By Dr. Joshua J. Mark
Professor of Philosophy
Marist College
Introduction
Religion in Colonial America was dominated by Christianity although Judaism was practiced in small communities after 1654. Christian denominations included Anglicans, Baptists, Catholics, Congregationalists, German Pietists, Lutherans, Methodists, and Quakers among others. The New England Colonies had been founded by separatists – Anglicans who advocated separation from the Anglican Church – and Puritans – those who sought to purify Anglicanism of Catholic influences and practices – while the Middle and Southern Colonies were founded by Anglicans, Quakers, or in the case of Maryland, Catholics and non-conformist Protestants.
Although there was generally some unity of vision within congregations and communities, interpretations of the Bible and practices differed between one settlement or colony and another, even if both claimed to follow the precepts of a given denomination. The Puritans of Boston, for example, differed from the Puritan separatists at Plymouth Colony and the Puritans of Salem who conducted themselves differently than those of Connecticut, and the same was true of the Anglicans of Virginia and those of the Carolinas.
Jews and Catholics were the minority and were periodically persecuted for their faith, accused of witchcraft, and blamed for bad harvests and bad luck in general. By c. 1700, Native American religious practices had been condemned as satanic and were observed in secret or, at least, not widely advertised by participants. Atheism was not tolerated, and belief systems such as deism did not develop until the 18th century. Protestant Christianity understood as ‘revealed religion’ (based on scriptures) was the dominant religious force, which shaped colonial culture and, along with the Protestant rationalism of the 18th century, was integral to the foundation and diversification of the United States of America.
New England Colonies
The earliest colonies of New England were founded between 1620-1638 by separatists and Puritans seeking to establish religious communities in which they could worship freely. Both sects had been persecuted in England and, once they were firmly established in North America, then persecuted others. Their claim to have founded communities based on religious freedom extended only to their own beliefs with the exception of the Rhode Island settlements, which emphasized religious tolerance. The New England colonies made religion the priority and the peoples’ lives revolved around it. All work and leisure activities stopped on Saturday afternoon, when one’s thoughts were supposed to turn toward God exclusively, and would not resume until Sunday evening; Sunday, the day of rest, was spent in church.

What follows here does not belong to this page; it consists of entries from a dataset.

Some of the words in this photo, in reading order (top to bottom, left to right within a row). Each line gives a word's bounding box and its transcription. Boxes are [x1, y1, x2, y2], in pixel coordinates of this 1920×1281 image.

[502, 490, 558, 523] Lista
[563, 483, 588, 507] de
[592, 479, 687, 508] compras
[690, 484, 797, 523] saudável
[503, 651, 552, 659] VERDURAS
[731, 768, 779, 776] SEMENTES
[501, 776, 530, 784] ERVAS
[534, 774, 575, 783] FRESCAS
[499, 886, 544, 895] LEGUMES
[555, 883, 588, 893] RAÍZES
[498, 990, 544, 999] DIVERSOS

Church services lasted all day with a short intermission for lunch which was provided at a nearby Sabba-day house (also known as a ‘noon-house’) – a kind of tavern or inn built near the meeting house specifically for this purpose. People were not allowed to return to their homes until Sunday services were concluded. Sermons were often between three and five hours long preceded by readings from the Bible and hymns sung without the accompaniment of an organ or any musical instrument. Since many people were illiterate, a deacon would sing a line of the hymn which the congregation would then repeat and so hymn-singing took up considerable time as did prayer.

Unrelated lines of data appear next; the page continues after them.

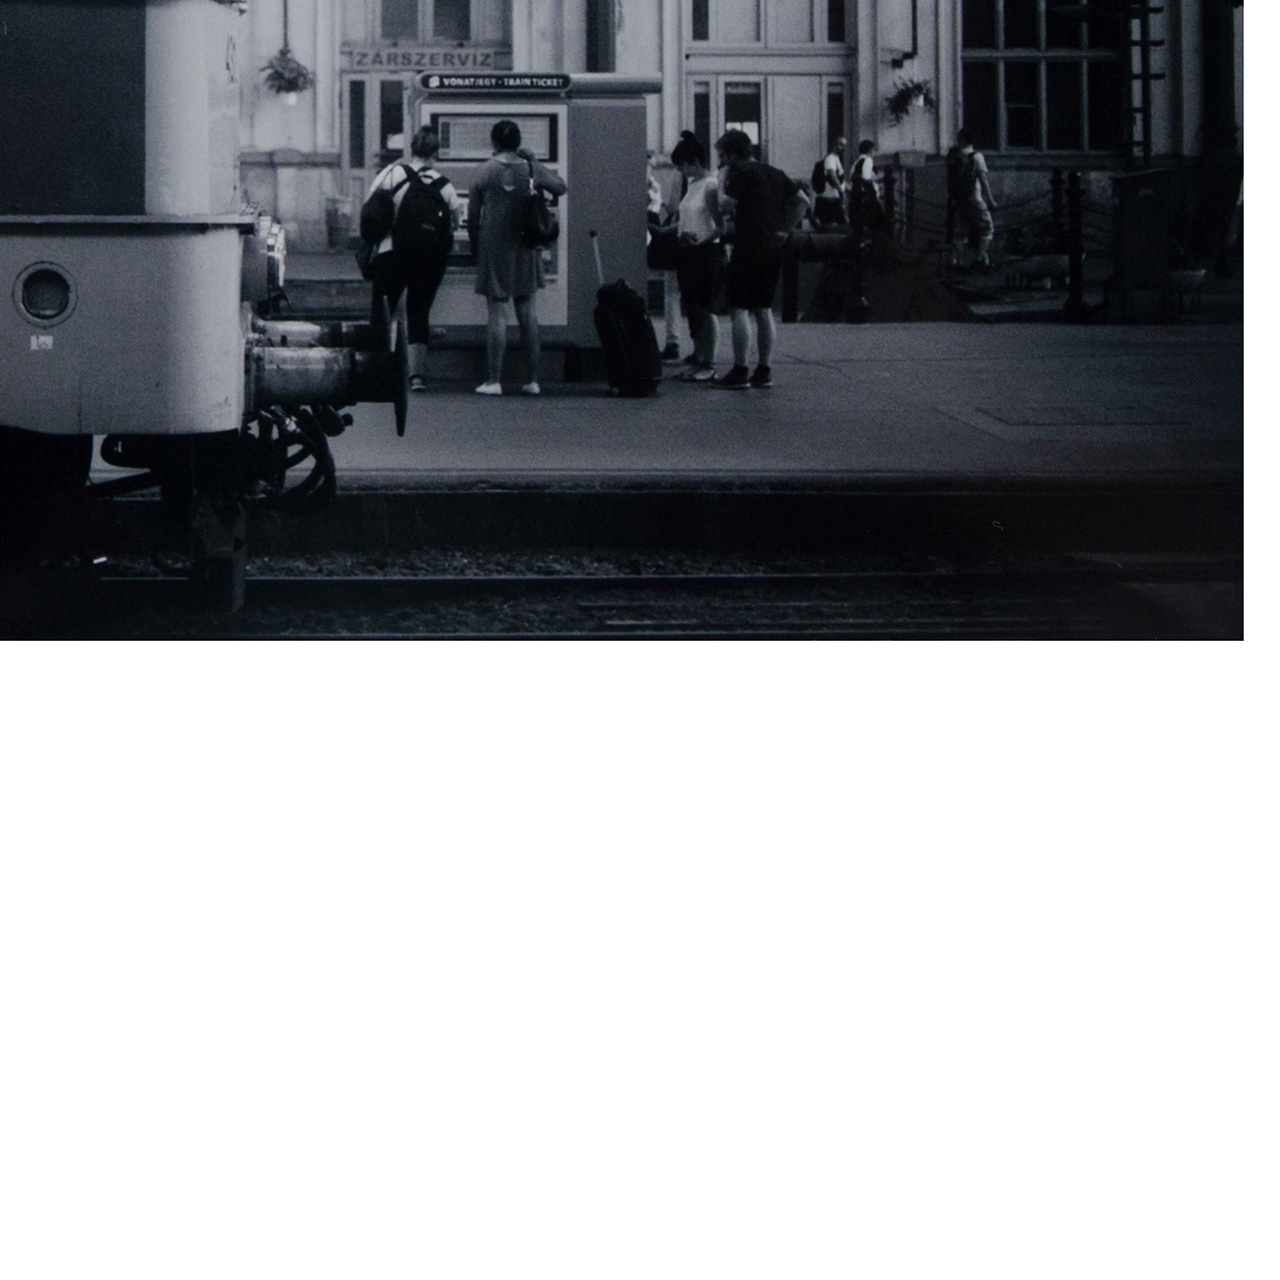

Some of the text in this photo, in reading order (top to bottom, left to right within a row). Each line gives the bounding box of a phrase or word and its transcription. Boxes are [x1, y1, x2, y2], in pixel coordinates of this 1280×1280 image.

[443, 77, 565, 87] VONATJEGY TRAIN TICKET
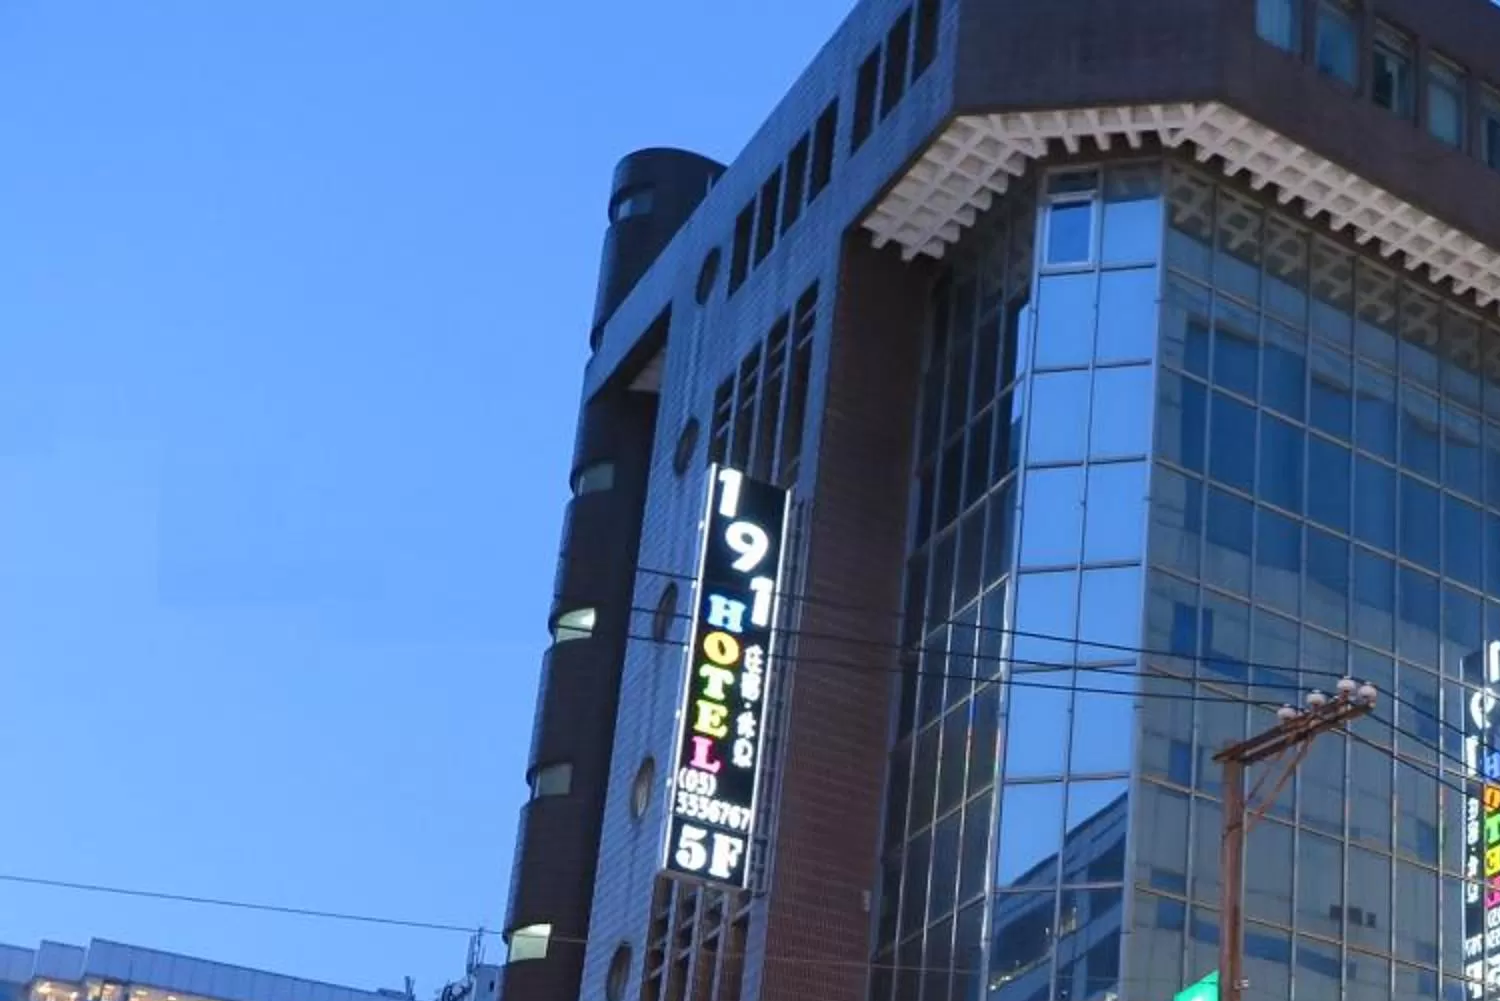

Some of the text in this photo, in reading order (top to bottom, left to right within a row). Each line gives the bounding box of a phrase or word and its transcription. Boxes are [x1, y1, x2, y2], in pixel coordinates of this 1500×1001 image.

[716, 468, 775, 628] 191
[692, 594, 746, 770] HOTEL
[676, 824, 744, 880] 5F

Throughout the week, the citizens could and did wear brightly colored clothes, but on Sunday, they wore black or somber clothing, which was thought to signify repentance and sanctified thought. Church attendance was mandatory, and once the drum (or trumpet or conch shell or bell) was sounded for Sunday services, everyone was expected to get themselves to the meeting house and take their assigned seats (a deacon or sexton would go around and inspect homes to make sure everyone, except the sick, had gone to church). Seats were assigned according to social class with the leading citizens sitting up front and others behind them. Taking someone else’s seat was considered a serious offense, and the offender was fined, sometimes heavily. Men and women sat separately in some churches, together in others, and boys and girls were separated in most cases. Boys, considered more unruly, were seated toward the front of the church where they could be closely monitored. Boys who acted up during church were publicly beaten or otherwise disciplined afterwards.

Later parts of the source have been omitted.